It was an unpleasant and disturbing little episode.
XII
I SUPPOSE
FEW MURDER MYSTERIES are solved by the discovery of any single fact. Usually the truth comes out bit by bit until finally the pattern is revealed in its dreadful whole. Certainly this was so in the case of our mystery. I know that I overlooked the significance of certain incidents, and failed lamentably to interpret others.
The Friday that followed Aunt Amanda’s murder might be used as a case in point. That was a day of many eventful happenings; but I think that no one of us—Sheriff Glick included—perceived the direction in which they pointed. Even now, the day lingers in my mind as confused and contradictory.
Three things—each unrelated but each of which was to play its own part in illuminating the dark and murky truth that lay behind Aunt Amanda’s murder—stand forth clearly in my memory. It was on Friday, toward noon, that Sheriff Glick came into possession of my great-grandfather’s gun. The clumsy, old-fashioned weapon was discovered nowhere near Hieronomo House, indeed was picked up on a road eighteen miles away, a lonely, seldom-traveled little country lane on the outskirts of Baltimore.
But I had nothing to do with that discovery, although it was to affect me later. The other incidents concerned me more directly at the time they happened. It was on Friday that Glenn and I carried on our experiment outside the shattered door of Aunt Amanda’s bedroom and hit upon the origin of the sharp, small sound that only I had heard. It was on Friday toward dusk, also, that I saw once again in my great-grandfather’s barn the strange woman with the brassy hair.
The day started unremarkably enough. Sheriff Glick had departed with his deputies, but through the morning Patience had her troubles with the press. Those metropolitan newspaper men and women who were to take such an active interest in the doings of the “mysterious Hieronomos,” attempted to storm the house and, failing entrance, set up a noisy watch on the portico. Lucy, whose heart was soft as butter, wanted to send out sandwiches and coffee to that articulate and frantically determined group who made the morning hideous with their clamor. Richard, who fulminated loudly against the “invasion of decent privacy,” suggested that a family bucket brigade could discourage them with boiling water. It was Patience, with Hoy’s help, who drew all the shades and disconnected the doorbell.

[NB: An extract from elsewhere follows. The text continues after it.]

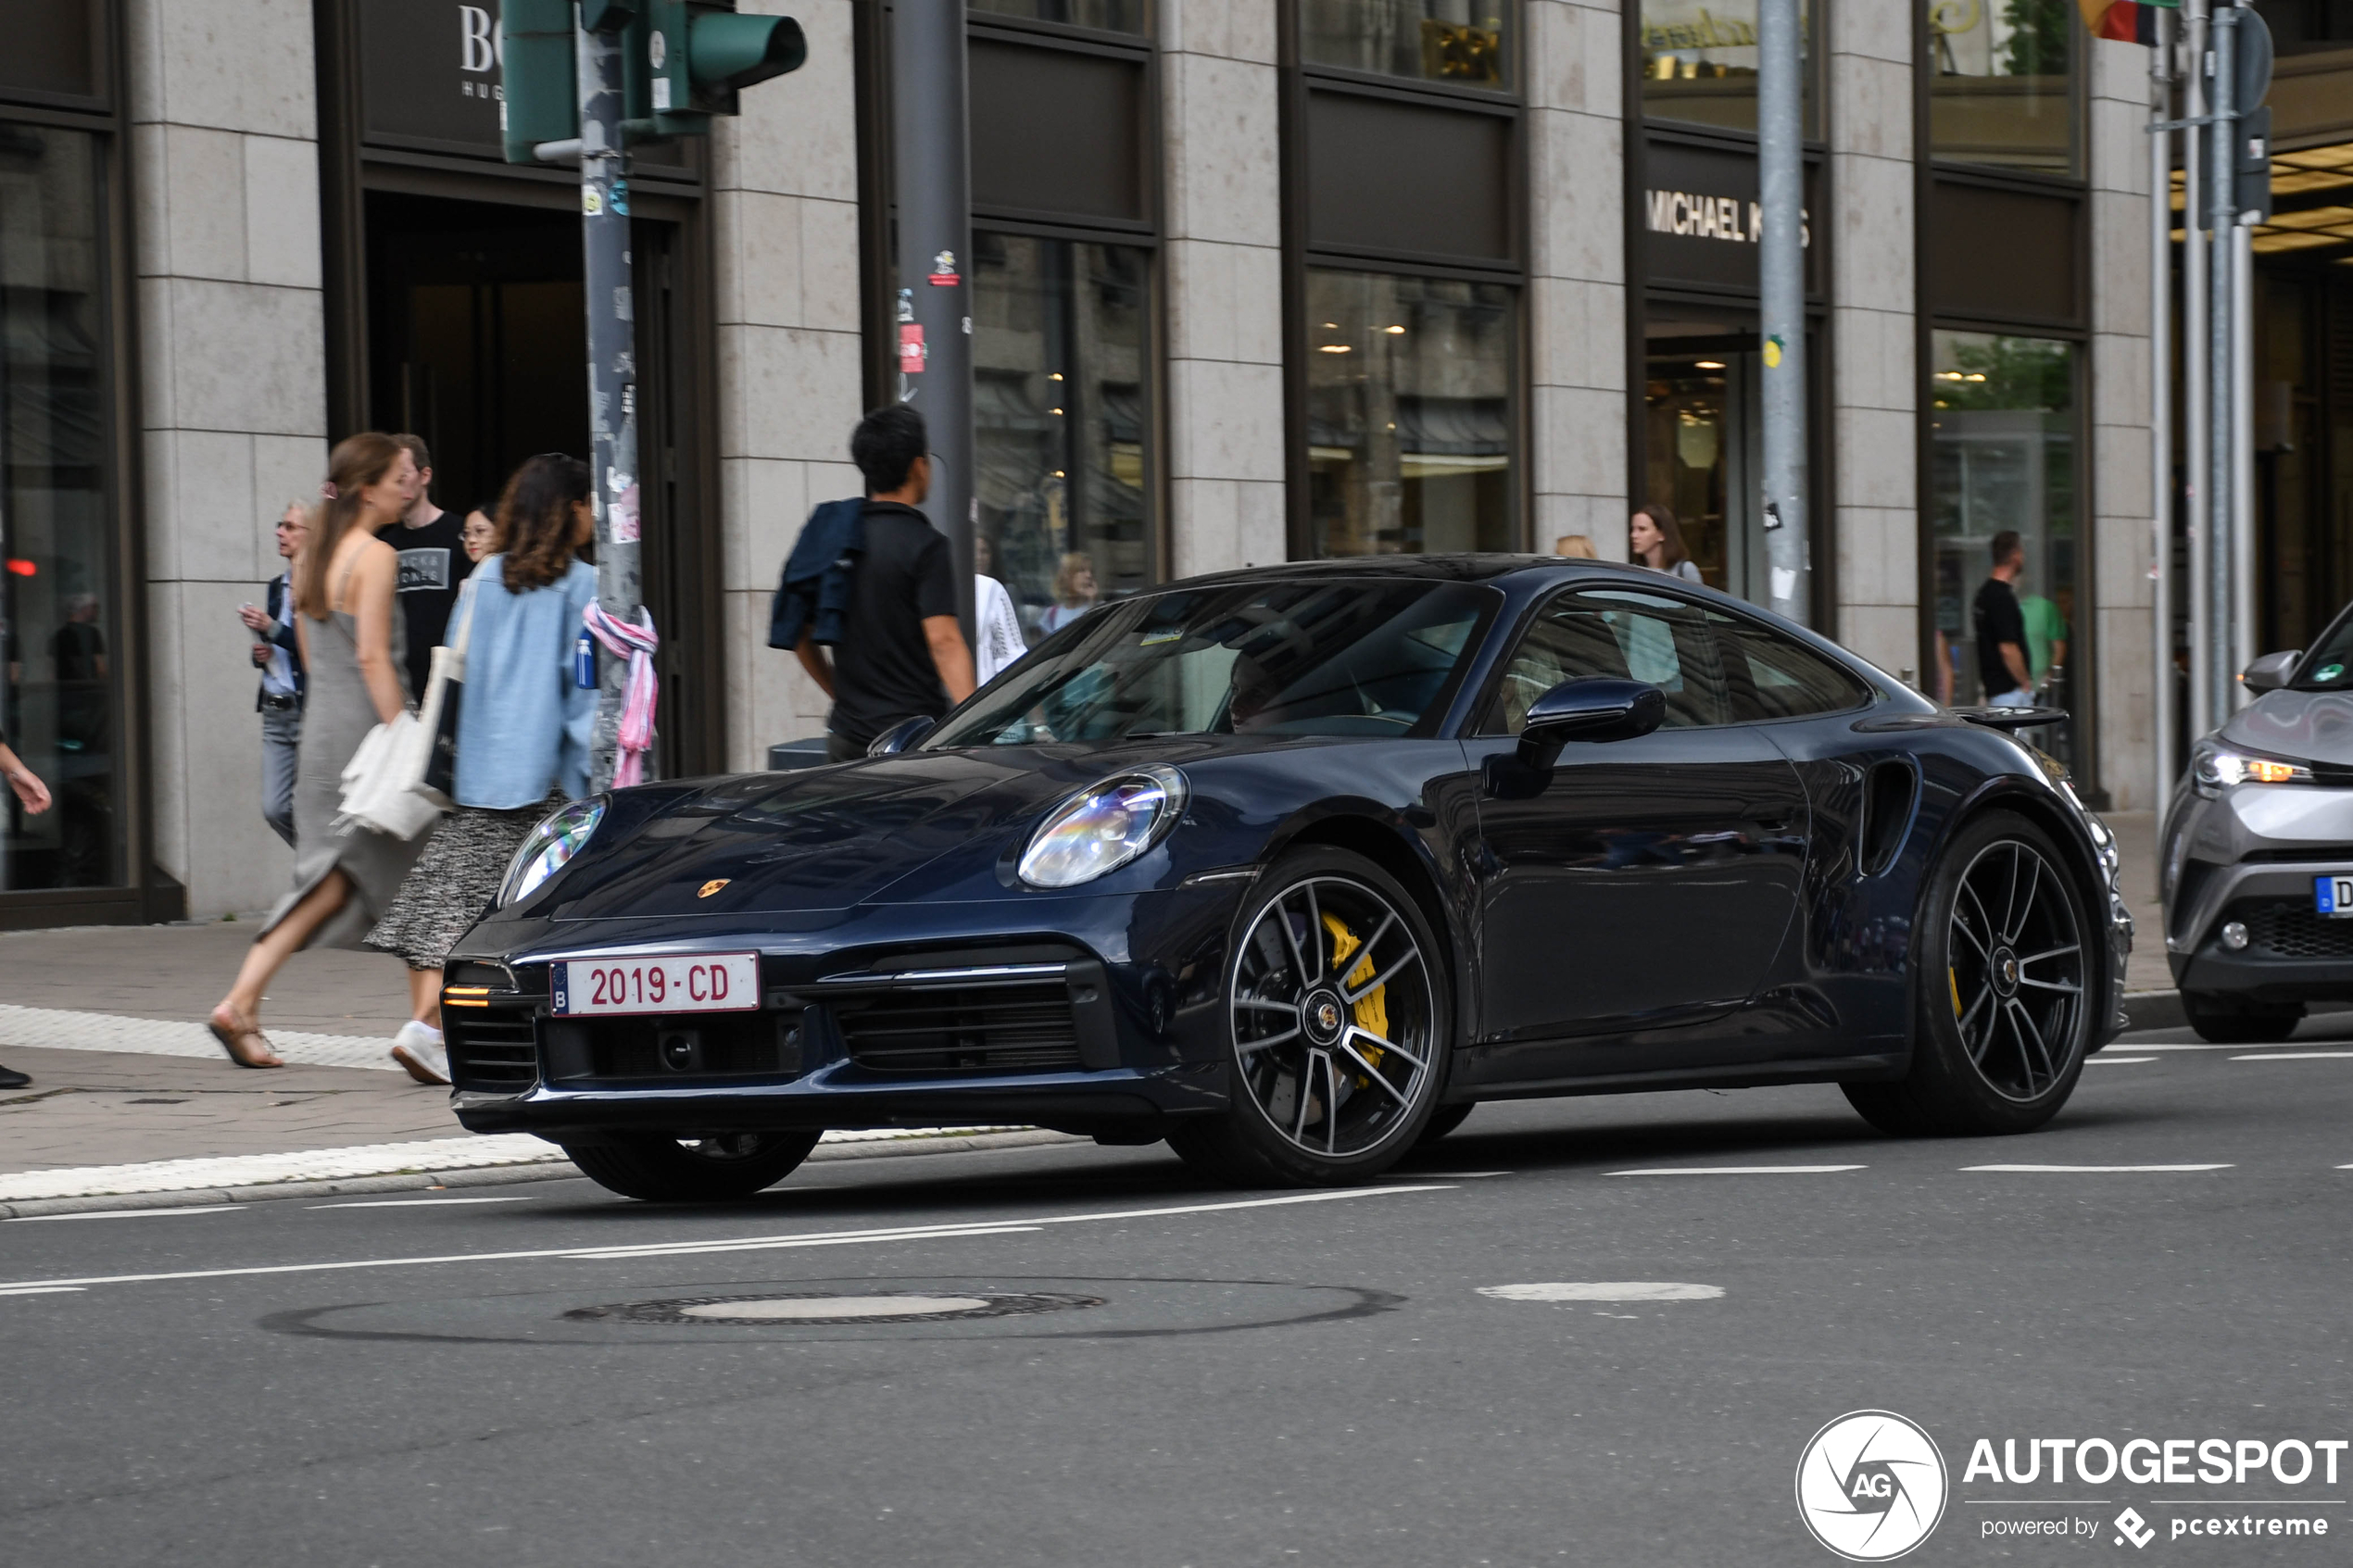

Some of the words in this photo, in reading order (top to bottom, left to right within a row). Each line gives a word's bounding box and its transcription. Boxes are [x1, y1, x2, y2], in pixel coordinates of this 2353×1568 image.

[1644, 189, 1745, 242] MICHAEL
[555, 991, 566, 1008] B
[591, 964, 728, 1006] 2019-CD

As it happened, I kept to my room until late, but with the door ajar so that I could keep more or less in touch with what went on below. To tell the truth, I was willing to defer a meeting with the family, willing to defer that moment when Great-uncle Richard would greet me genially and ask me how I had slept and I would have to answer like any loving niece, and hide from him my thoughts. Not that those thoughts were much to boast about. Great-uncle Richard hadn’t struck me as a stupid man. But surely, only a stupid man could hope to sustain an alibi so pregnable that Dan had exploded it by the simple device of talking to the station master.
What was the explanation for Richard Hieronomo’s presence in Mount Hope at six A.M. on Wednesday morning? Why had he concealed the hour of his arrival, and played out that fraudulent and hollow scene of rushing straight from his train to the bosom of his family?
It is easy now to say that I should have gone to Uncle Richard and requested or demanded an explanation. I lack that special kind of courage. If Dan had learned the truth so easily, it seemed to me that Sheriff Glick must also be aware of it. Let him take the necessary steps! I didn’t for a moment doubt the Sheriff’s capability, or that he was keeping to himself certain facts and theories.
Then, too, before I made any move, I needed to talk to Dan. Subconsciously, of course, I must have hoped that Dan would take the initiative, that, difficult though it was, he would figure out a way for us to meet. I was confident that somehow he would reach me. The telephone rang many times that morning, but there was no call for me.
My bedroom windows—under the watchful eyes of a deputy, I had been allowed to transfer my personal belongings from John Hieronomo’s grim and cheerless chamber—overlooked the winter garden and the dividing fence. I had seen to that. Before Patience could place me elsewhere, I had selected that particular room. I had a clear and unobstructed view of the property next door, the colonial cottage and the playhouse. Most of the morning I sat posted at the windows. My watch was vain. I saw no sign of Dan.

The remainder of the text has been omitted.